**Problem description**
Your answer must be an exact copy of the records below, minus any images.

**Supplied material**

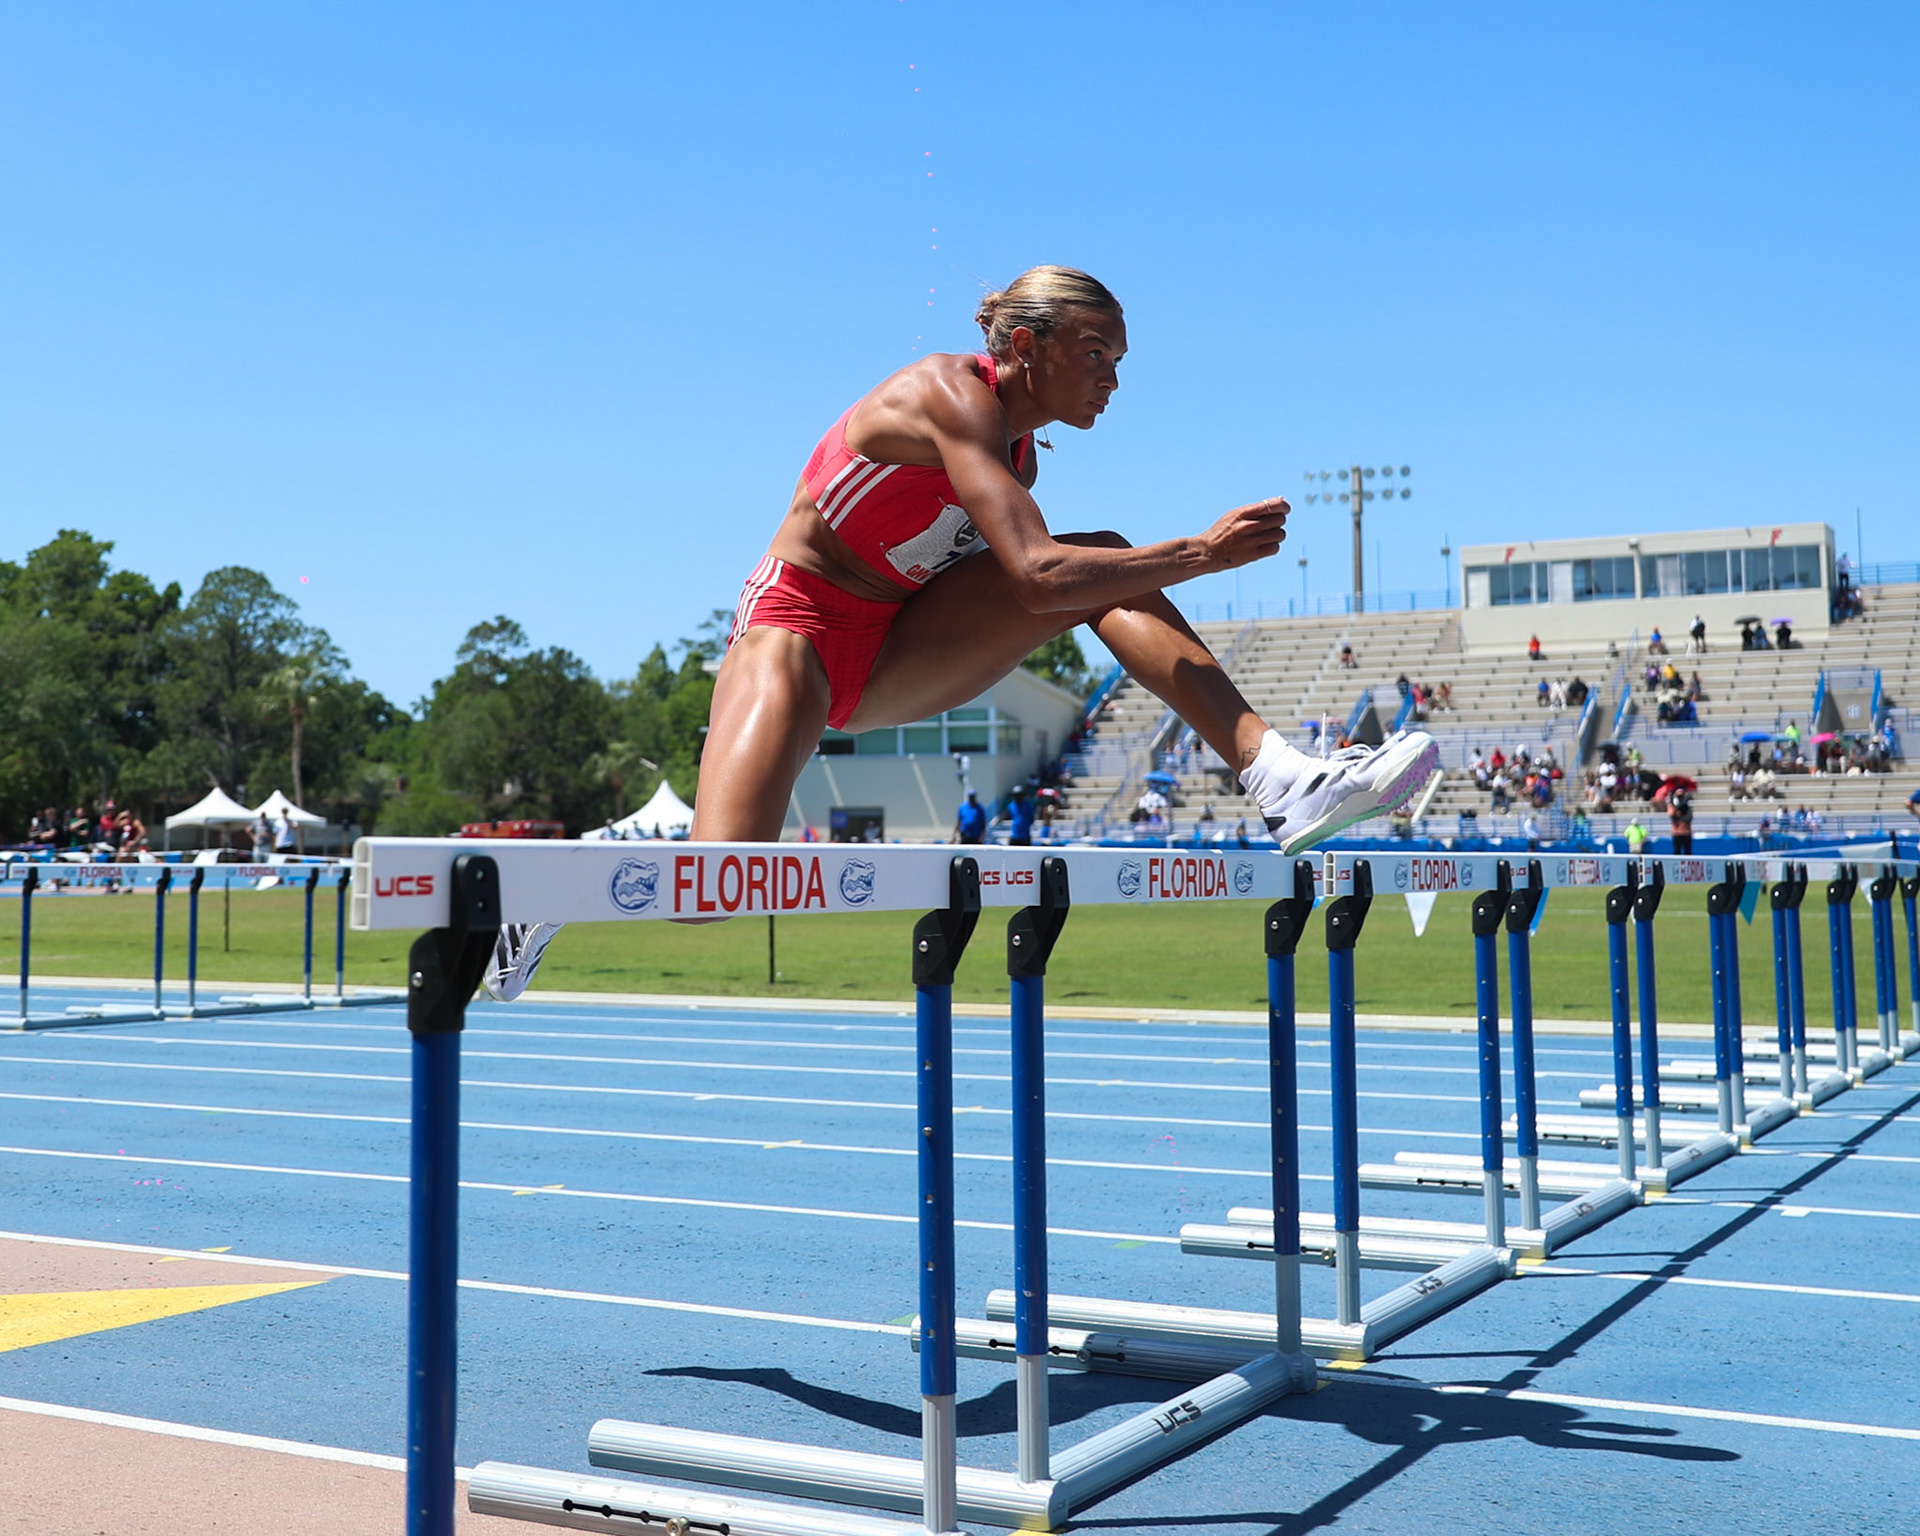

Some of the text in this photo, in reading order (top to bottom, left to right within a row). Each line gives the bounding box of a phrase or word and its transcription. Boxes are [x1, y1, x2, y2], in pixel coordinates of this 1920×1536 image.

[79, 867, 123, 878] FLORIDA
[239, 867, 277, 876] FLORIDA
[1006, 871, 1034, 885] UCS
[1149, 858, 1228, 898] FLORIDA
[1412, 859, 1458, 890] FLORIDA
[375, 876, 434, 897] UCS
[674, 855, 826, 912] FLORIDA
[1409, 1275, 1443, 1295] UCS
[1152, 1400, 1202, 1434] UCS

**Written solution**
Some of the text in this photo, in reading order (top to bottom, left to right within a row). Each line gives the bounding box of a phrase or word and its transcription. Boxes are [x1, y1, x2, y2], in pixel coordinates of this 1920×1536 image.

[79, 867, 123, 878] FLORIDA
[239, 867, 277, 876] FLORIDA
[1006, 871, 1034, 885] UCS
[1149, 858, 1228, 898] FLORIDA
[1412, 859, 1458, 890] FLORIDA
[375, 876, 434, 897] UCS
[674, 855, 826, 912] FLORIDA
[1409, 1275, 1443, 1295] UCS
[1152, 1400, 1202, 1434] UCS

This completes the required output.